> [GIVEN ENTRIES]
════
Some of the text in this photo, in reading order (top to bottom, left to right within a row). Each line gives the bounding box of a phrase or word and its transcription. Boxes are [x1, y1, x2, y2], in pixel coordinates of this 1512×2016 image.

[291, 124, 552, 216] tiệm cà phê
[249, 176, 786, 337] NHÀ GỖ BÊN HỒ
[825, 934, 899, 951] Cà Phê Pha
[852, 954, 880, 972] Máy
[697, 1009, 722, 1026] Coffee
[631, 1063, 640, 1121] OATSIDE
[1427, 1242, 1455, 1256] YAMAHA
════
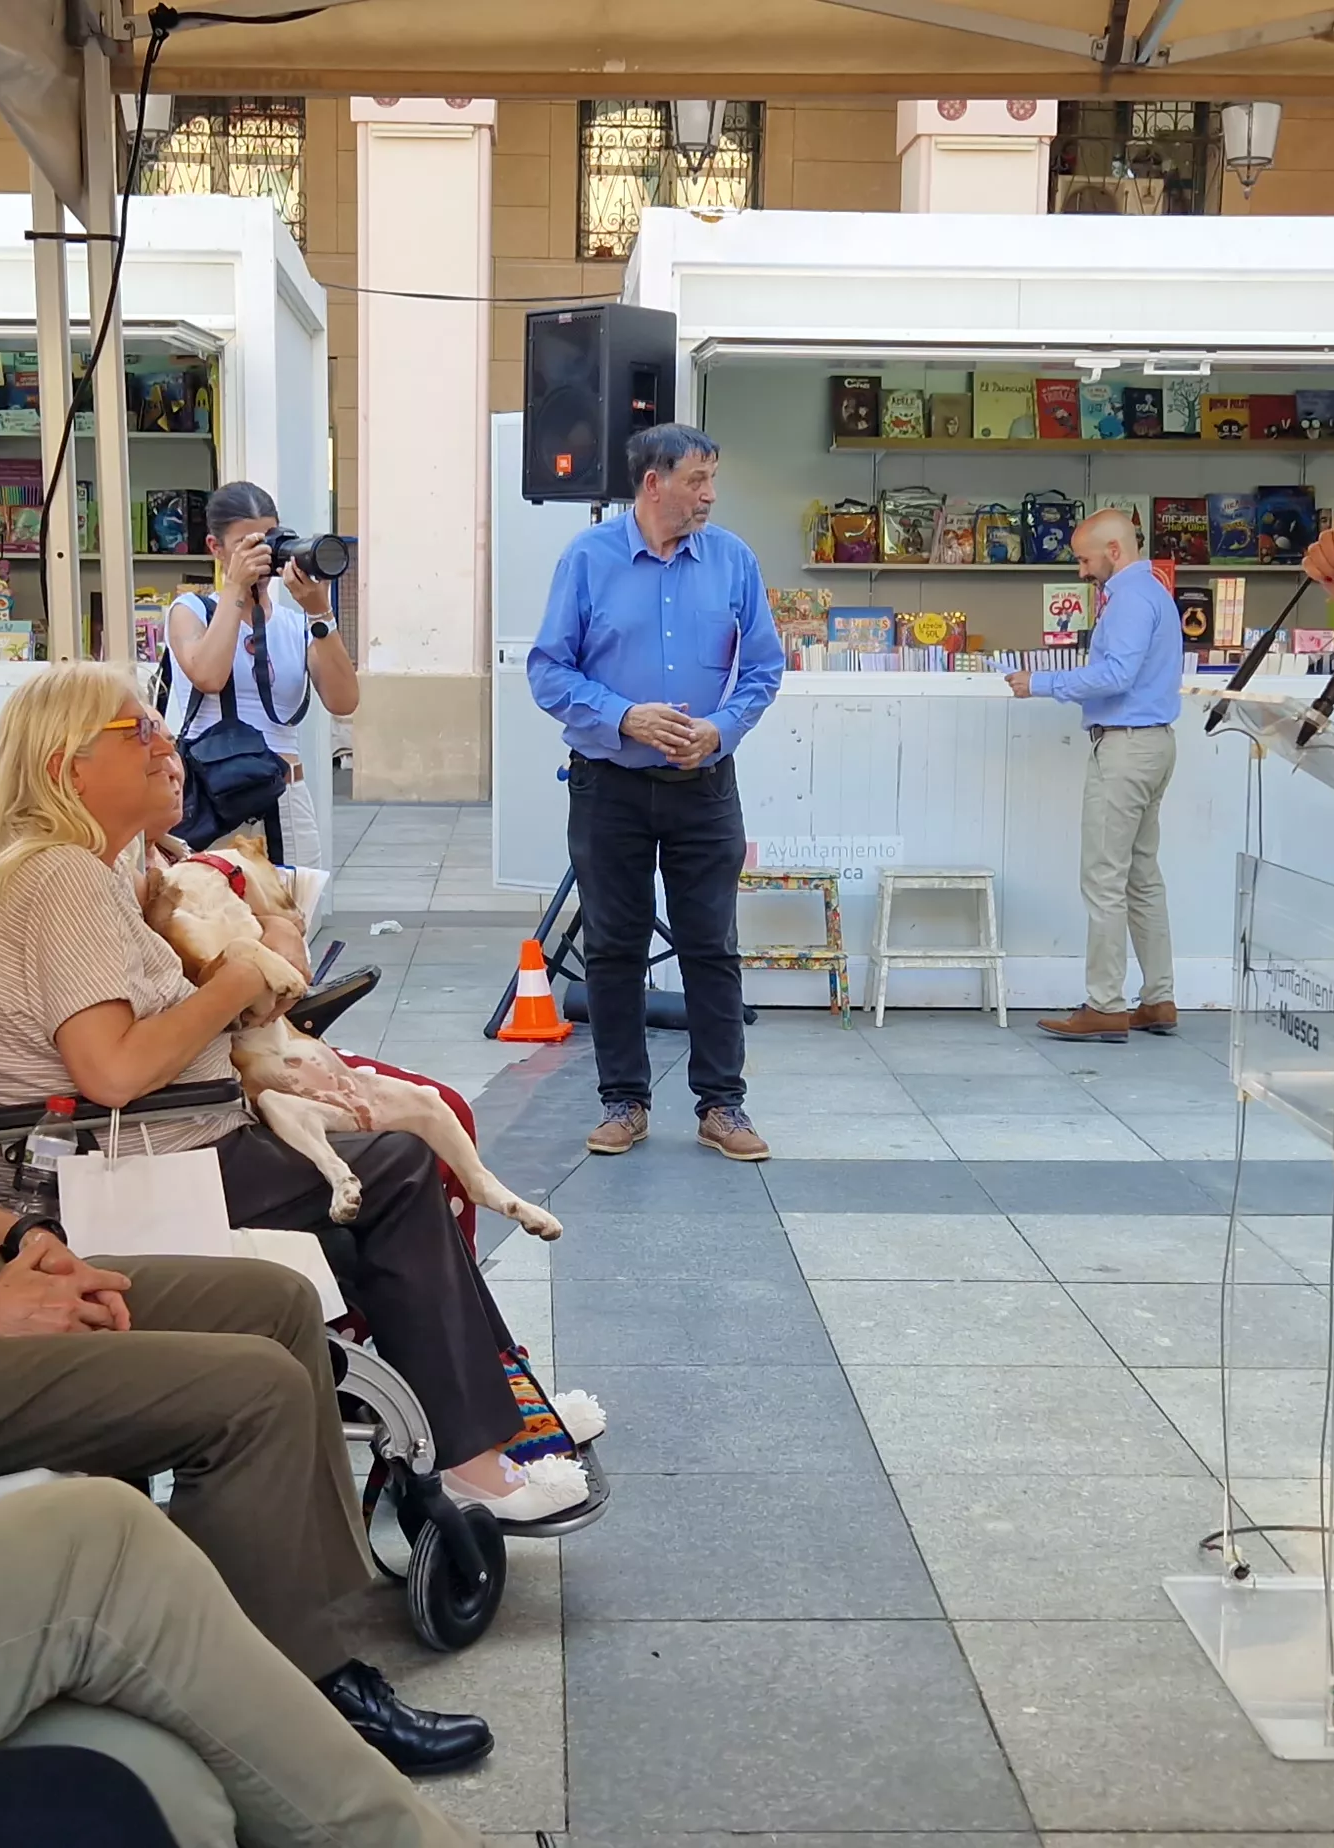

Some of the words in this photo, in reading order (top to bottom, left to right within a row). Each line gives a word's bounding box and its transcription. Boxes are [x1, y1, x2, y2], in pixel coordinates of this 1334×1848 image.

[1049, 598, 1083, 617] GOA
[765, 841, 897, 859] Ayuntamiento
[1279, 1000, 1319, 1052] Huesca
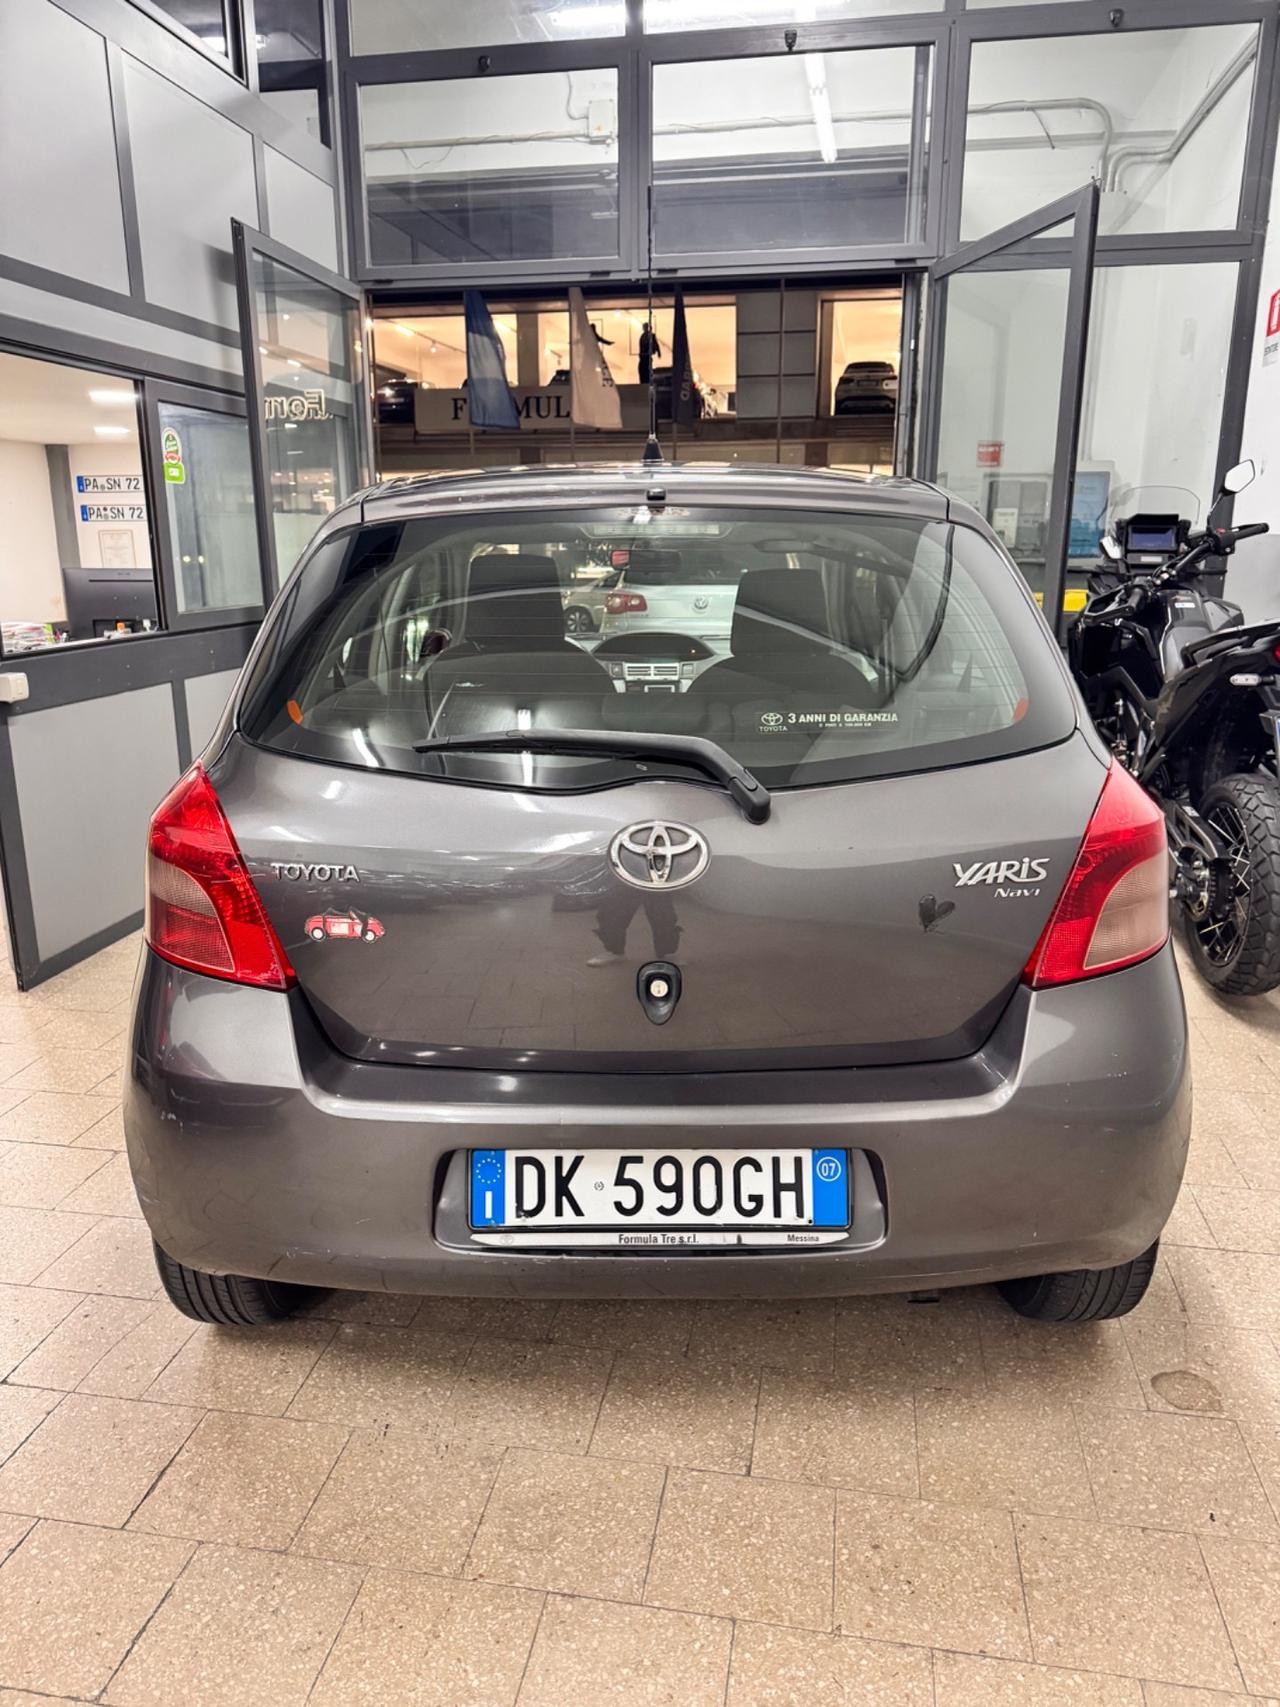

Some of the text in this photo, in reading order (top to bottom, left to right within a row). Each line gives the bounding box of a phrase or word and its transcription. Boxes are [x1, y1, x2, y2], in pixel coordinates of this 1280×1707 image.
════
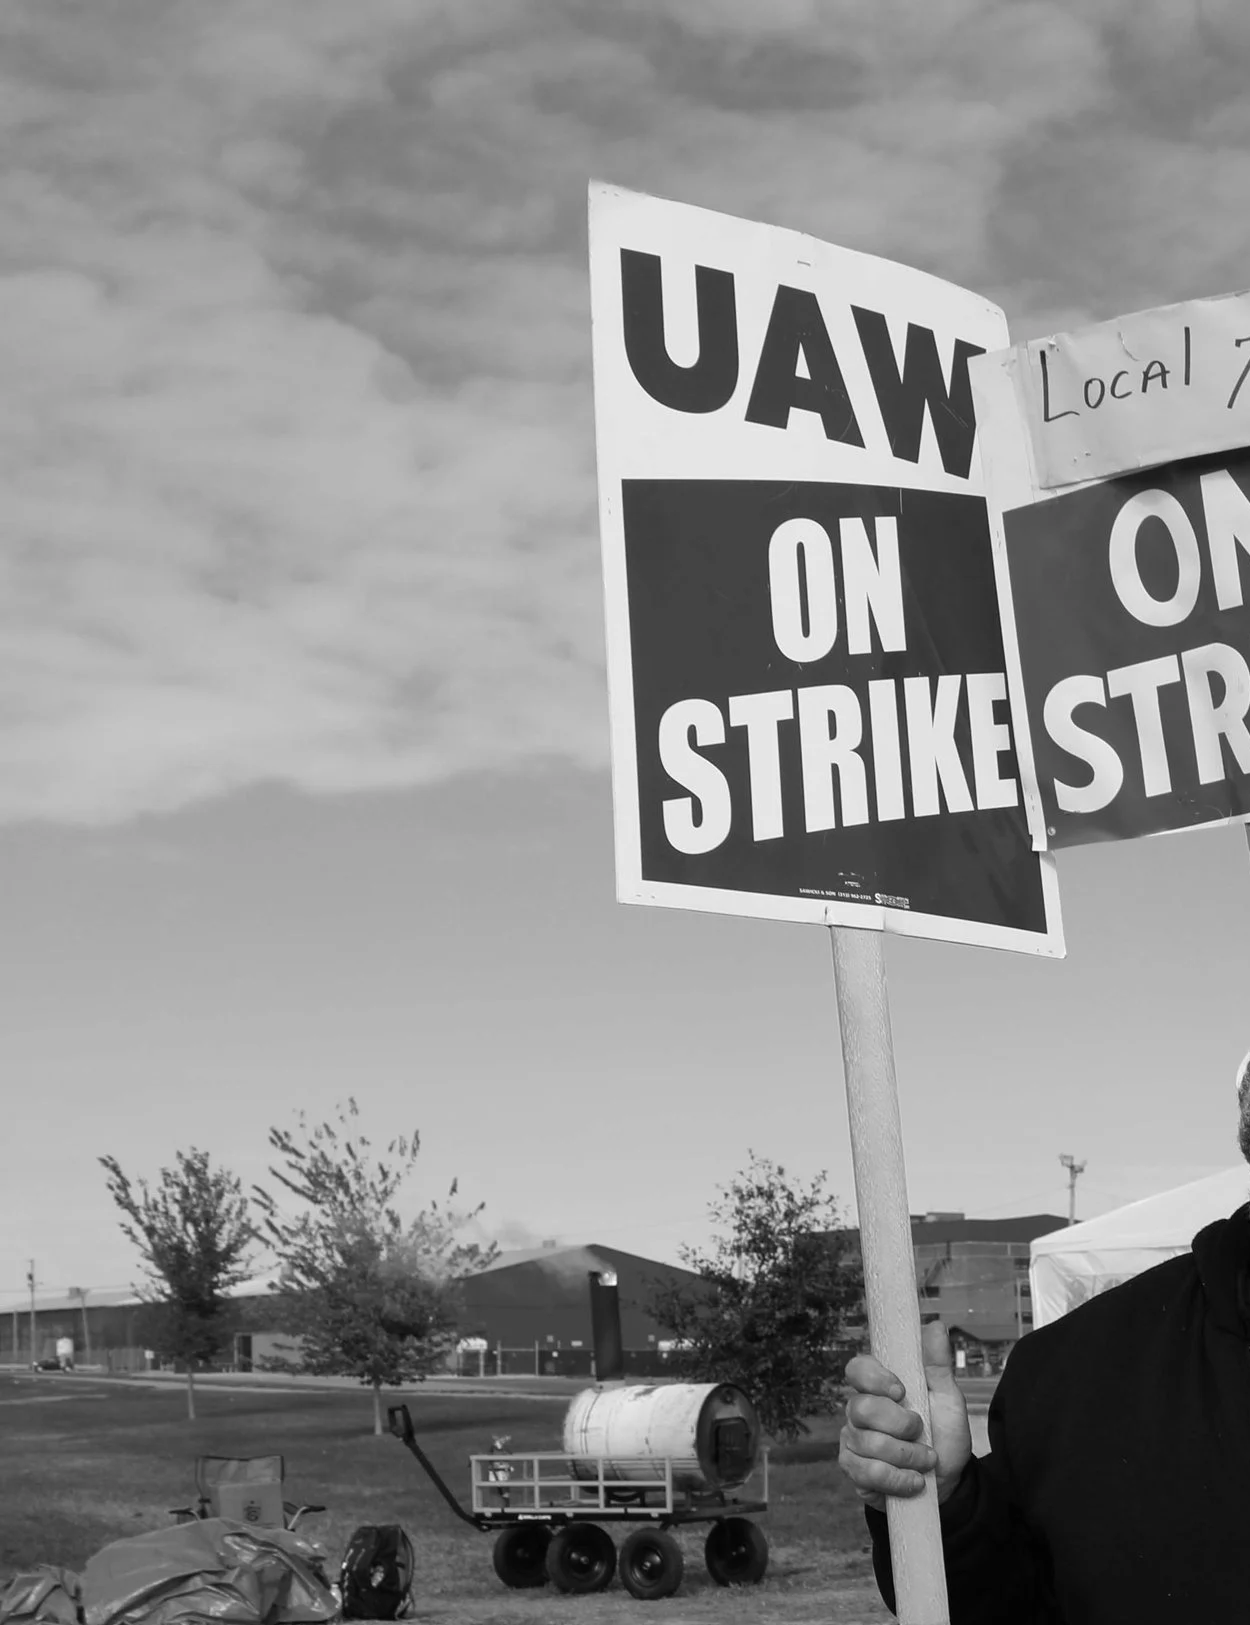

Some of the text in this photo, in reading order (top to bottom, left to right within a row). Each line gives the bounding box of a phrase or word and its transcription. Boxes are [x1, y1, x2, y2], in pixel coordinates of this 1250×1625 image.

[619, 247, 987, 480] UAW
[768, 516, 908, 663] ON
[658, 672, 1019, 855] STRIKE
════
> [TASK ITEM]
Copy exactly, without pictures, the lines above from the one with "Some of the words" down to the one with "this 1280×1707 image.", inclusive.

> [OUTPUT]
Some of the words in this photo, in reading order (top to bottom, left to right within a row). Each line gives a word's bounding box and its transcription. Boxes are [x1, y1, x2, y2], in pixel coordinates of this 1334×1848 image.

[1049, 598, 1083, 617] GOA
[765, 841, 897, 859] Ayuntamiento
[1279, 1000, 1319, 1052] Huesca

Some of the text in this photo, in reading order (top to bottom, left to right within a row). Each line gives the bounding box of a phrase or word and its transcription. Boxes are [x1, y1, x2, y2], in pixel coordinates of this 1280×1707 image.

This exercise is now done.